Em relação à prevenção, apesar de não se conhecer uma forma de prevenir a esclerose múltipla, o neurologista recomenda um estilo de vida saudável, a suplementação vitamínica – muito ao nível da vitamina D – e o controlo do stresse físico e psíquico.
Acrescenta também que “as diferentes associações de doentes têm um papel muito importante na dinamização do conhecimento e da interação e entreajuda de toda a comunidade envolvida”.
Confiar na evolução da ciência
Pelo que nos explica Manuel Gonçalves, até aos anos 90 este era um diagnóstico demasiado pesaroso para o doente e para a família, com um desfecho que cateteriza como “complexo”.
Muitas vezes, “estes mesmos diagnósticos eram tardios, e a ausência de opções válidas de tratamento permitiam que os défices motores, sensoriais e cognitivos se instalassem, determinando uma incapacidade significativa”.
Hoje em dia é diferente. Com o avanço da medicina, existem diferentes fármacos com distintos mecanismos de ação e eficácia comprovada que “aumentam de forma exponencial o leque de ações terapêuticas”.

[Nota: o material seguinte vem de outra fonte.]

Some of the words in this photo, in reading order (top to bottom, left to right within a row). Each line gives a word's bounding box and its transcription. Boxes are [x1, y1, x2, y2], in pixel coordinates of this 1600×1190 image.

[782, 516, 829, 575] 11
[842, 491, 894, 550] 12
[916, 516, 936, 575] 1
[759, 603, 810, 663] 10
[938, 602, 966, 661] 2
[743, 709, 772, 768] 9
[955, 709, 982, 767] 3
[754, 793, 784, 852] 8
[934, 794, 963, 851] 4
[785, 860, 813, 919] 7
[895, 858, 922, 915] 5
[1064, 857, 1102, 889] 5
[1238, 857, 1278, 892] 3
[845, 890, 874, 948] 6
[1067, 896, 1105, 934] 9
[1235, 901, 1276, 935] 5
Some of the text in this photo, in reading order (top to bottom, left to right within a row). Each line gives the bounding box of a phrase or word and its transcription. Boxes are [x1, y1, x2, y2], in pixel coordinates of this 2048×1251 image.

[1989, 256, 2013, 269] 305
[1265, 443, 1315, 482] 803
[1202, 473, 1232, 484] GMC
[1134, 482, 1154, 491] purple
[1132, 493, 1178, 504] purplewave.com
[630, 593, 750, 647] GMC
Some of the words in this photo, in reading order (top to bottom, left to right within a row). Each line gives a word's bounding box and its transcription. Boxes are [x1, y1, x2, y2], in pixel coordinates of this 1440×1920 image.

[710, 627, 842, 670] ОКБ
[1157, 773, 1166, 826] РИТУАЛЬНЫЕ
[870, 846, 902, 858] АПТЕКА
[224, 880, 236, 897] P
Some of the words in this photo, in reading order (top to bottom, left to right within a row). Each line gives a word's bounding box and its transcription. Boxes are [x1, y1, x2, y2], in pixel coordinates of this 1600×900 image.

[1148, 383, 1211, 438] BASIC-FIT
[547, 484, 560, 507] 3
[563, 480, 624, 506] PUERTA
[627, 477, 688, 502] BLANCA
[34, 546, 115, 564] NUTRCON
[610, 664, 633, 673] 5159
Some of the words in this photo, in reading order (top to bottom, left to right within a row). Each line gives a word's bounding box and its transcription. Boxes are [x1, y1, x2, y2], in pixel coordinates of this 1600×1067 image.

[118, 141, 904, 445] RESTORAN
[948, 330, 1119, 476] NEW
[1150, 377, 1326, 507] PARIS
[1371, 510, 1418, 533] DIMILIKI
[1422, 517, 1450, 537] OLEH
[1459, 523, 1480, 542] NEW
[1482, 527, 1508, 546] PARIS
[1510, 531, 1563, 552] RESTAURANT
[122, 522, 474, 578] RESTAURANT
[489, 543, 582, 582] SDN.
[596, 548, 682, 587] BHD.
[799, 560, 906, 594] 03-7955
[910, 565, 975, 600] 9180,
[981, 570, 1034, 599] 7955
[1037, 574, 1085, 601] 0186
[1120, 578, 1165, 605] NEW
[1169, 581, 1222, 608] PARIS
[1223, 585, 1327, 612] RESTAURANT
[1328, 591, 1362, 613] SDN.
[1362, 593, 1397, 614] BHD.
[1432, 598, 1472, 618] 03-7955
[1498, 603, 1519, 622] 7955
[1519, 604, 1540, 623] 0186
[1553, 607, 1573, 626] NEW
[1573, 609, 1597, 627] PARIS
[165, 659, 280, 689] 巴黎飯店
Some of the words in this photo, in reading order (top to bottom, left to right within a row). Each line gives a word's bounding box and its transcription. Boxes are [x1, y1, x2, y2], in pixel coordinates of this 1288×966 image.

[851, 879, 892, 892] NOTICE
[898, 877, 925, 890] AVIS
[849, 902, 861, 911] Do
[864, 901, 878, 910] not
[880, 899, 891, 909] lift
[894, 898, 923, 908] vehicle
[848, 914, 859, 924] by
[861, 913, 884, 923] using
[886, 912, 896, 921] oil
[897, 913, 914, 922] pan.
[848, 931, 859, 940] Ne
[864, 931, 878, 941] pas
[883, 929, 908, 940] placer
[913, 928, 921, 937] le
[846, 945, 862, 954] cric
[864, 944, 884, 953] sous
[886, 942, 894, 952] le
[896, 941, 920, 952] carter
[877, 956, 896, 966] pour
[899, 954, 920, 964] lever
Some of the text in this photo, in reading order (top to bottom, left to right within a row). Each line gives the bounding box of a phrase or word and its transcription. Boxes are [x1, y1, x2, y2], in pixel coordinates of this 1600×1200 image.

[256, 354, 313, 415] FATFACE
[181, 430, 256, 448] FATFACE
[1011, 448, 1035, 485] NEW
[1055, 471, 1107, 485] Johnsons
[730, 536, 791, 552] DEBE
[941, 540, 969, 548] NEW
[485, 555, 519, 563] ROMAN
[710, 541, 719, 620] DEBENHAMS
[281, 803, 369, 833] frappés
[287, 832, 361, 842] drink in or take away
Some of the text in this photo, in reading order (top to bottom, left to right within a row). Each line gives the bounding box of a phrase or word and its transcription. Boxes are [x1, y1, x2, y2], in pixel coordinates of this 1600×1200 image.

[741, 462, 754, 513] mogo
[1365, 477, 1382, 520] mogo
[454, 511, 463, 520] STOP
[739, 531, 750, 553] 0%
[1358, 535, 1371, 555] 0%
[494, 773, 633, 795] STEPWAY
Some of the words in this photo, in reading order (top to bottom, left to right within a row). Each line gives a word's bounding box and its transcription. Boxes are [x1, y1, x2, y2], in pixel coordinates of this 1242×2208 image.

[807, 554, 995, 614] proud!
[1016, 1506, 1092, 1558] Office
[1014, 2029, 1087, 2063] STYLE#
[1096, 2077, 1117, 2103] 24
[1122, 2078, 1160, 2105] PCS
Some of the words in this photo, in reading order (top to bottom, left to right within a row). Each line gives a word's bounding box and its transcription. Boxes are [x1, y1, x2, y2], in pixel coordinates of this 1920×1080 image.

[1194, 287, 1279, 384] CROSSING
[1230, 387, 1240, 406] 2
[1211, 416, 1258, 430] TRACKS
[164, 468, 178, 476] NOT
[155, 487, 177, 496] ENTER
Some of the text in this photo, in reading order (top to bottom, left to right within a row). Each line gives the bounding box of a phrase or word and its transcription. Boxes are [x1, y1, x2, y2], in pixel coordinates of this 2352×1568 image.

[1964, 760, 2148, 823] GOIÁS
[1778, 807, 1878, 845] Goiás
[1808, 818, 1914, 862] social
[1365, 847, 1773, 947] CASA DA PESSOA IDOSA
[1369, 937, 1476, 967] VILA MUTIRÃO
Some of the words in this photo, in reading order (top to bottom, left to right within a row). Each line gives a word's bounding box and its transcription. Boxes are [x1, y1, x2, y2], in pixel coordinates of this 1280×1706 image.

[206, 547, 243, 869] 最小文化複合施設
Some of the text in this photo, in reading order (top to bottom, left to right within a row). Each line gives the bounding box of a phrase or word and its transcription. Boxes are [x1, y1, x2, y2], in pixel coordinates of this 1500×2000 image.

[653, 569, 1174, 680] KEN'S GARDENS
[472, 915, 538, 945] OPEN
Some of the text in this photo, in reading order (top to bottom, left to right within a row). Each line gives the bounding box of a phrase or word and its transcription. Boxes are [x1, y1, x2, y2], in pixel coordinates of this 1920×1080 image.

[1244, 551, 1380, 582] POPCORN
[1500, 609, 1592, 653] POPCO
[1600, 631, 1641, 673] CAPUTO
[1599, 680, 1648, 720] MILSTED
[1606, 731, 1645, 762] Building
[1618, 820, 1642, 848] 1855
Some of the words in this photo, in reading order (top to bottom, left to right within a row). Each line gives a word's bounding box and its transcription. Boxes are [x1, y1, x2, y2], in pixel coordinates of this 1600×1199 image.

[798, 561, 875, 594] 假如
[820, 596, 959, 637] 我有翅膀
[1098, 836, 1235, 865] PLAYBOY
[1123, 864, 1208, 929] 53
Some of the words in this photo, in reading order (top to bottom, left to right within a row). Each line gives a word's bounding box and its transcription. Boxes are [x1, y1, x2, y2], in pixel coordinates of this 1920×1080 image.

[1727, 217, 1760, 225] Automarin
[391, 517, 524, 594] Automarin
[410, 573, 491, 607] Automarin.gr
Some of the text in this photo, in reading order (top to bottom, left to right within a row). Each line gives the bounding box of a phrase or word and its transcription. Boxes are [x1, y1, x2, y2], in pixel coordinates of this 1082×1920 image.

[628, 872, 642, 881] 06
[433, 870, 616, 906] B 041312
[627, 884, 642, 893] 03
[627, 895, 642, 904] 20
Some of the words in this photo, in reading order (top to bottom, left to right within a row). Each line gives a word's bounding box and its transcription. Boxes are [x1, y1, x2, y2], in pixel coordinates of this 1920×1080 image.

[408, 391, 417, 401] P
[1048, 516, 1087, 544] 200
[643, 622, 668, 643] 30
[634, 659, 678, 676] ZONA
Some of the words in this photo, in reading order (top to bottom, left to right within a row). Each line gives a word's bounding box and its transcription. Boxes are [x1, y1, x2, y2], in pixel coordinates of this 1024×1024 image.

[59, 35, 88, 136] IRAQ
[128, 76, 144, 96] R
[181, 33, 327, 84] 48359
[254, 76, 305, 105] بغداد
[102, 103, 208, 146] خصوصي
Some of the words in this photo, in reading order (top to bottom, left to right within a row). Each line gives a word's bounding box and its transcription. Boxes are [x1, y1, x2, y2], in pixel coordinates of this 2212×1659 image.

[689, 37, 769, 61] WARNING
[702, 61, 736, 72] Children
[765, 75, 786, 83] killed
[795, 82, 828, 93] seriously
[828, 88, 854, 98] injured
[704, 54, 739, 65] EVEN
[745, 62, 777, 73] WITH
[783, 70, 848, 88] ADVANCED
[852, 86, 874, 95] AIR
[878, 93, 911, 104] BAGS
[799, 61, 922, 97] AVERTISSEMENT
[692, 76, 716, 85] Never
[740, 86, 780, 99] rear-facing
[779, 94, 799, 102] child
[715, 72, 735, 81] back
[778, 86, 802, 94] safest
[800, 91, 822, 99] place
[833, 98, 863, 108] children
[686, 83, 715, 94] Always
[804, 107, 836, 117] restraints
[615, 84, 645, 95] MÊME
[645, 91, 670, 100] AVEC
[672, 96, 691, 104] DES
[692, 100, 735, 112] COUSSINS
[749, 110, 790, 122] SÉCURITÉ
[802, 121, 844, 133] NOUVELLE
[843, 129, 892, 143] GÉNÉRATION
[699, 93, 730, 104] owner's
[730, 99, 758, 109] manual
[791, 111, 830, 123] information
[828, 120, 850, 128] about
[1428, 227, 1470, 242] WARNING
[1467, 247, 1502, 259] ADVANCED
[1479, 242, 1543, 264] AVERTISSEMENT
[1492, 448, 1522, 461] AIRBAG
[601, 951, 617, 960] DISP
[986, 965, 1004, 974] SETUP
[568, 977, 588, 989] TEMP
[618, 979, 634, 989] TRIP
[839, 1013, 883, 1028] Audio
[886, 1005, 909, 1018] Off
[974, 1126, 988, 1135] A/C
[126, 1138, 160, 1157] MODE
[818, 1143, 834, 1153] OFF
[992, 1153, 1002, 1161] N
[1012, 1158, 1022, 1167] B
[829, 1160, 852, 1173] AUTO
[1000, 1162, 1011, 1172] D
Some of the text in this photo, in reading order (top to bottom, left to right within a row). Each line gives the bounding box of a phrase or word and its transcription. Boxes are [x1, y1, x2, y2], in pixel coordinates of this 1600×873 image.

Deste modo, é também possível um diagnóstico e intervenção terapêutica em fases muito precoces da doença, com um objetivo para muitos destes doentes de um estado de não atividade da doença – NEDA (“no evidence of disease activity”).
“De facto, nos últimos 20 anos a área das doenças desmielinizantes é talvez a que mais tem evoluído nas neurociências”, alude o médico num tom positivo.
O momento que se vive e a esclerose múltipla
Depois desta mensagem de esperança deixada a doentes, familiares e comunidade envolvente, o médico não se despede sem antes fazer alusão à situação pandémica atual.
Segundo Manuel Gonçalves, a clausura forçada que se viveu em Portugal e no resto do mundo levou “muitos doentes, apesar da suspeita de quadros de patologia agudos ou de agravamento de doenças preexistentes, a evitar recorrer à ajuda médica especializada por receio das condições sanitárias gerais”.
Ora, para o neurologista, trata-se de uma atitude errada, pelo que, no caso especifico dos doentes com esclerose múltipla, não deve haver qualquer receio de contactar o médico assistente ou o serviço hospitalar onde é acompanhado.
Uma vez que “desde cedo ficaram reunidas todas as condições de segurança, omitir uma ocorrência aguda poderia causar um défice importante para o futuro”. Agora sim, despede-se com a sensação de dever cumprido.